Connaissant visiblement l’histoire, pour ainsi dire moderne, des immeubles d’habitations américains (sans pour autant cibler aucun exemple en particulier), en 1920, C. Rutten renseigne davantage les lecteurs néerlandais du journal Het Vaderland sur la vie dans les apartment-houses en précisant que, parfois, certains contiennent des salles de billard, une bibliothèque et des salles de banquet 11. Continuant son énumération des services offerts aux locataires, il indique également que certains architectes américains ont pu penser à une salle spacieuse, où les enfants non-scolarisés sont occupés pendant la journée sous la surveillance d’expert. […] Le soir, ces salles sont ouvertes aux jeunes scolarisés et aux étudiants, qui peuvent également y faire leurs devoirs sous surveillance et encadrement.
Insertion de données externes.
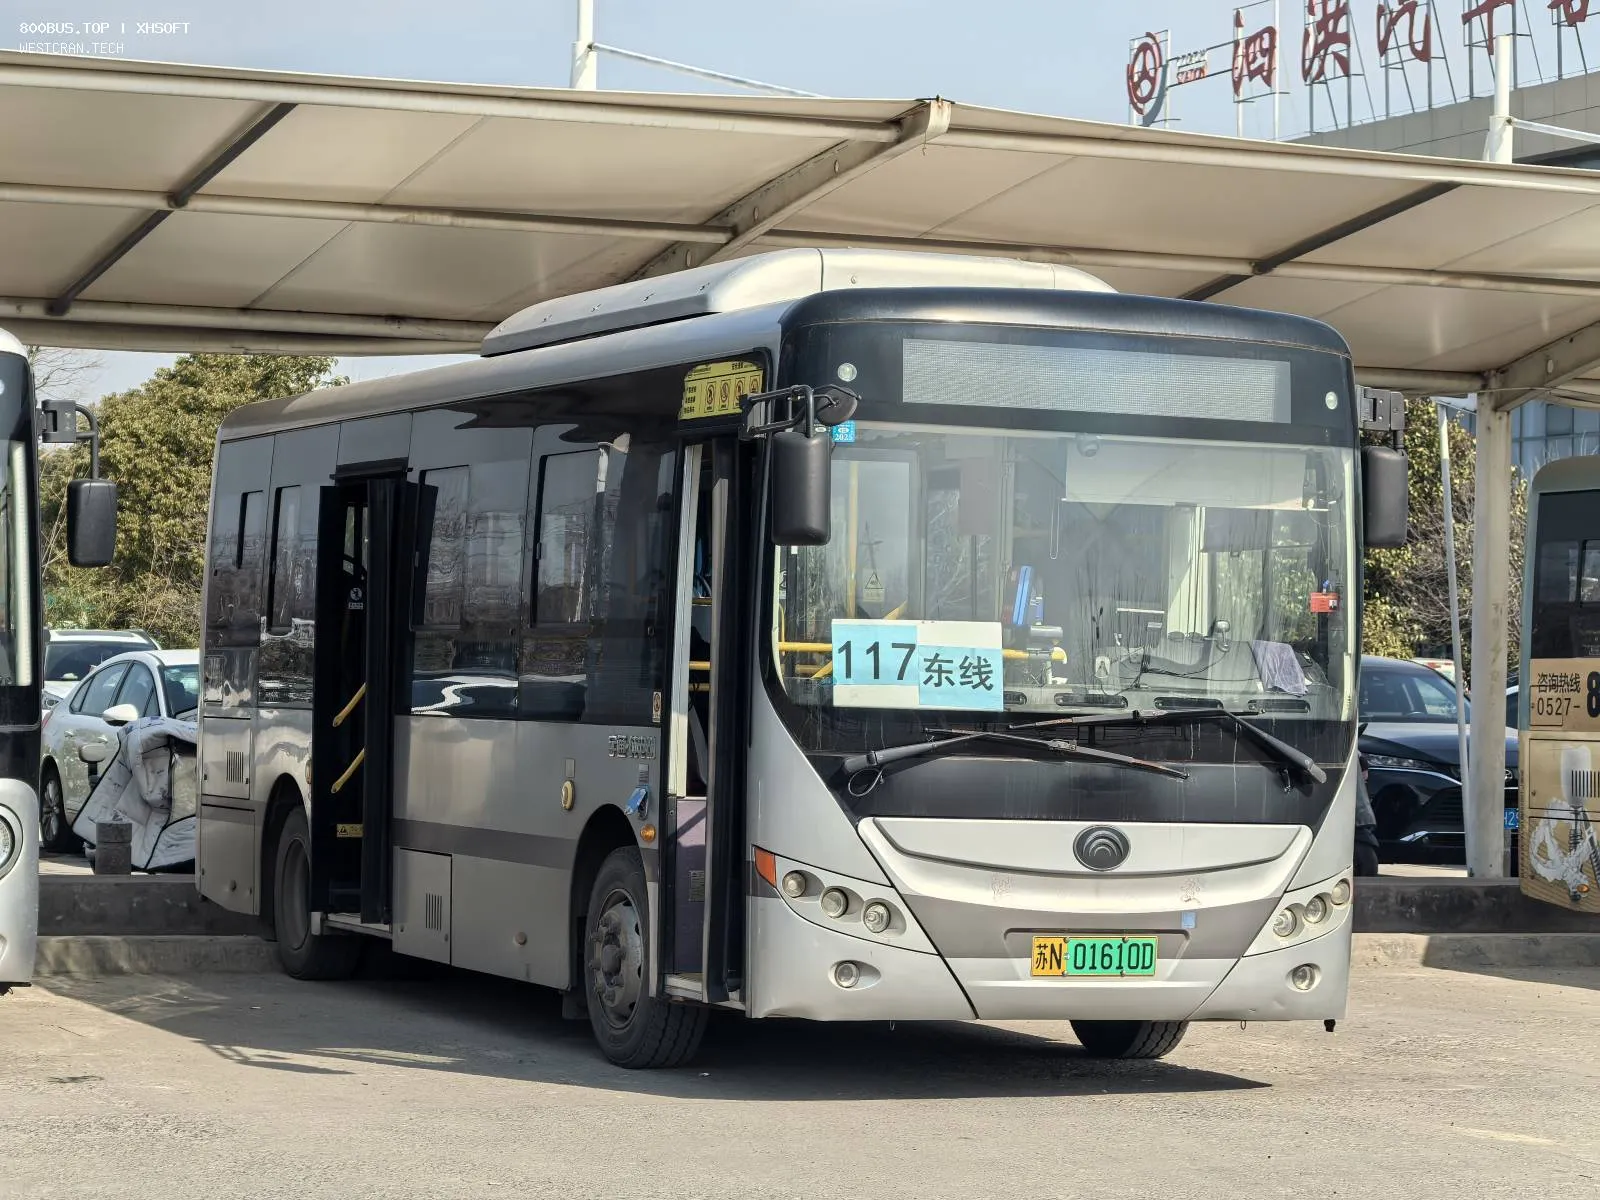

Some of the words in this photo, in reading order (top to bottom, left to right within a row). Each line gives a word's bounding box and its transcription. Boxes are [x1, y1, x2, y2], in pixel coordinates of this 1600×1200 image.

Cet établissement est parfois si perfectionné qu’il abrite une bibliothèque dans laquelle tous les manuels d’études possibles peuvent être trouvés, de sorte qu’il n’est même pas nécessaire de prendre les livres de l’école. En outre, ces bâtiments contiennent un certain nombre de chambres d’hôtes, de salles d’étude, de salles de travail, etc. Il n’est pas rare non plus de trouver des salons de coiffure, des installations de premiers soins en cas de maladie avec une infirmière permanente 12.

Dès le tournant du XIXe siècle, l’immeuble new-yorkais proposé pour les classes moyenne et supérieure urbaines devient un ensemble équipé – tant à l’échelle intime de l’appartement, qui se substitue peu à peu à la maison, qu’à l’échelle collective de l’immeuble – où une certaine forme de mixité d’usages s’invente ici en prenant appui sur des préoccupations alors en pleine réflexion, comme le confort, les soins du corps ou l’hygiène, mais aussi l’urbanisation et avec elle des enjeux économiques. L’architecture s’est ainsi adaptée à l’évolution de son siècle à travers l’invention de typologies nouvelles et l’intégration d’équipements faisant évoluer les modes de vie ; les architectes, explorant l’histoire tout en observant la demande sociale, se sont saisis de ce que leur apportait ce siècle, afin de faire face à une indigence qu’ils percevaient déjà allant croissant et qu’ils ont tenté, par leur métier, d’atténuer.

C’est ainsi que, poursuivant cette histoire à l’œuvre, cinquante ans plus tard, les concepteurs néerlandais s’attachant à formuler des réponses pour tenter de faire face à la pénurie de logements qui sévit aux Pays‑Bas à l’issue de la Première Guerre mondiale, tourneront leurs regards outre-Atlantique et s’appuieront sur les expériences américaines des apartment-houses pour alimenter l’élaboration d’un nouveau type d’habitation : l’hôtel résidentiel qui, construit en premier lieu dans la ville de La Haye et se matérialisant, pour la première fois, sur la Benoordenhoutseweg, allait incidemment faire évoluer la manière de vivre dans cette cité hollandaise.

Huize Boschzicht

Immeuble Huize Boschzicht, encore en chantier vers 1920 , vu depuis la rue Jozef Israëlslaan (source : collection des archives municipales de La Haye Haags Gemeentearchief )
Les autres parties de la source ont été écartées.